O caderno Planeta Pará, encartado na edição de ontem do DIÁRIO, mexeu em um tema mais do que pertinente: a situação da arborização da cidade que tem como alcunha “Cidade das Mangueiras”, mas que é a segunda capital menos arborizada do país. Os leitores aprovaram a iniciativa da imprensa de tocar em um assunto sentido na pele - literalmente - diariamente por qualquer um que precise colocar os pés na rua em Belém. “O DIÁRIO está de parabéns pelo caderno e pode servir de exemplo para outros meios de comunicação, porque esse assunto precisa ser explorado também na TV e nas rádios. É preciso conscientização sobre a necessidade de termos mais árvores”, explica a professora Ana Maria Rodrigues, na Universidade Federal do Pará (UFPA), que desenvolve um projeto ligado ao assunto.

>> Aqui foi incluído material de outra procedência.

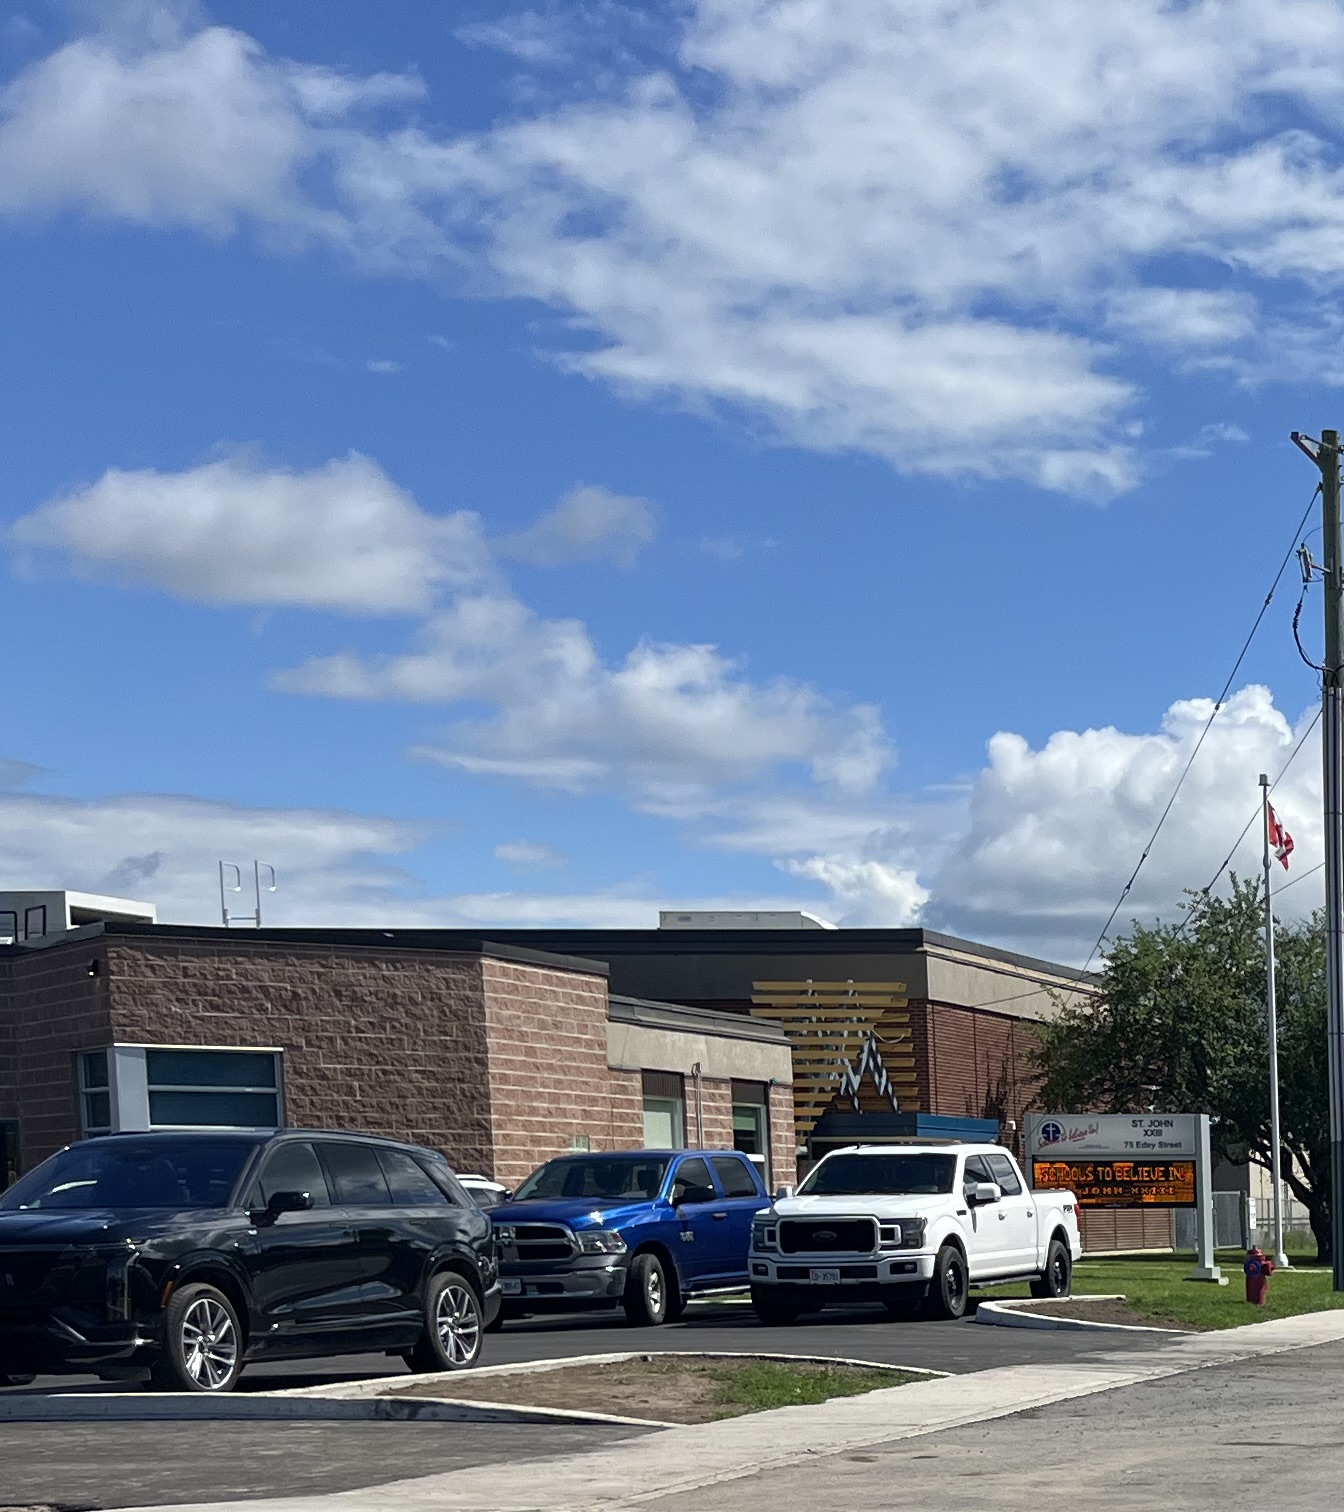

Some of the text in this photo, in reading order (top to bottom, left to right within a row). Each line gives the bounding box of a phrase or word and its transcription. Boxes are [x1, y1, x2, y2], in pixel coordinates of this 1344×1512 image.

“Pela nossa localização geográfica, Belém é quente, e uma das coisas que pode fazer diminuir a sensação térmica ou até mesmo a temperatura são as árvores. Quem está de carro e tem seu ar condicionado, tudo bem, consegue aliviar o calor. Mas a população que está na rua, a pé ou nos coletivos, sofre”, diz a professora. “Você olha uma parada de ônibus e percebe que as pessoas se amontoam em qualquer cantinho que tiver uma sombra, nem que seja de um poste”, afirma.
“Belém perde árvores por uma série de motivos. O governo municipal não cuida, os comércios e empreendimentos imobiliários depredam a arborização por motivos absurdos, como, por exemplo, para não esconder a fachada de uma construção. As pessoas e o poder público precisam se conscientizar sobre a importância da arborização para o bem-estar de todos”, orienta.
O vigilante Kleiton Costa, que mora entre os bairros da Marambaia e Souza, também aprovou o conteúdo do caderno. “É interessante falar principalmente sobre o cuidado que essas árvores precisam. Eu tenho discussões sempre com um vizinho que plantou uma mangueira na rua de casa e agora as mangas ficam caindo no meu telhado. Não é só plantar, tem que ter manutenção, cuidado, a [Secretaria Municipal de Meio Ambiente] Semma tem que cumprir melhor esse papel”, alerta o leitor.
Nordeste do Pará é foco do fascículo dois
Além de abordar a mesorregião metropolitana de Belém e seus principais desafios hoje, do saneamento e tratamento do lixo à regulação climática proporcionada pela arborização, o fascículo um da série Planeta Pará tratou também das riquezas naturais e o desafio do desenvolvimento sustentável para a mesorregião do Marajó - que hoje possui um dos quadros mais graves referentes aos índices de desenvolvimento humano no Estado.
Na edição seguinte, a ser encartada no próximo domingo (15), a série de cinco fascículos levados às bancas pelo DIÁRIO se debruçará sobre a mesorregião Nordeste do Pará.
A riqueza ambiental, os desafios para a preservação e os principais problemas para o crescimento harmônico com a natureza estarão em foco.
Fascículos
Encartados semanalmente, os fascículos da série Planeta Pará têm apoio das empresas Colossus e Hydro.
As publicações seguintes encartadas pelo DIÁRIO abordarão ainda as mesorregiões do Baixo Amazonas (fascículo três, a ser publicado em 22/09), Sudoeste (fascículo quatro, de 29/09) e Sudeste do Pará (fascículo cinco, de 6/10).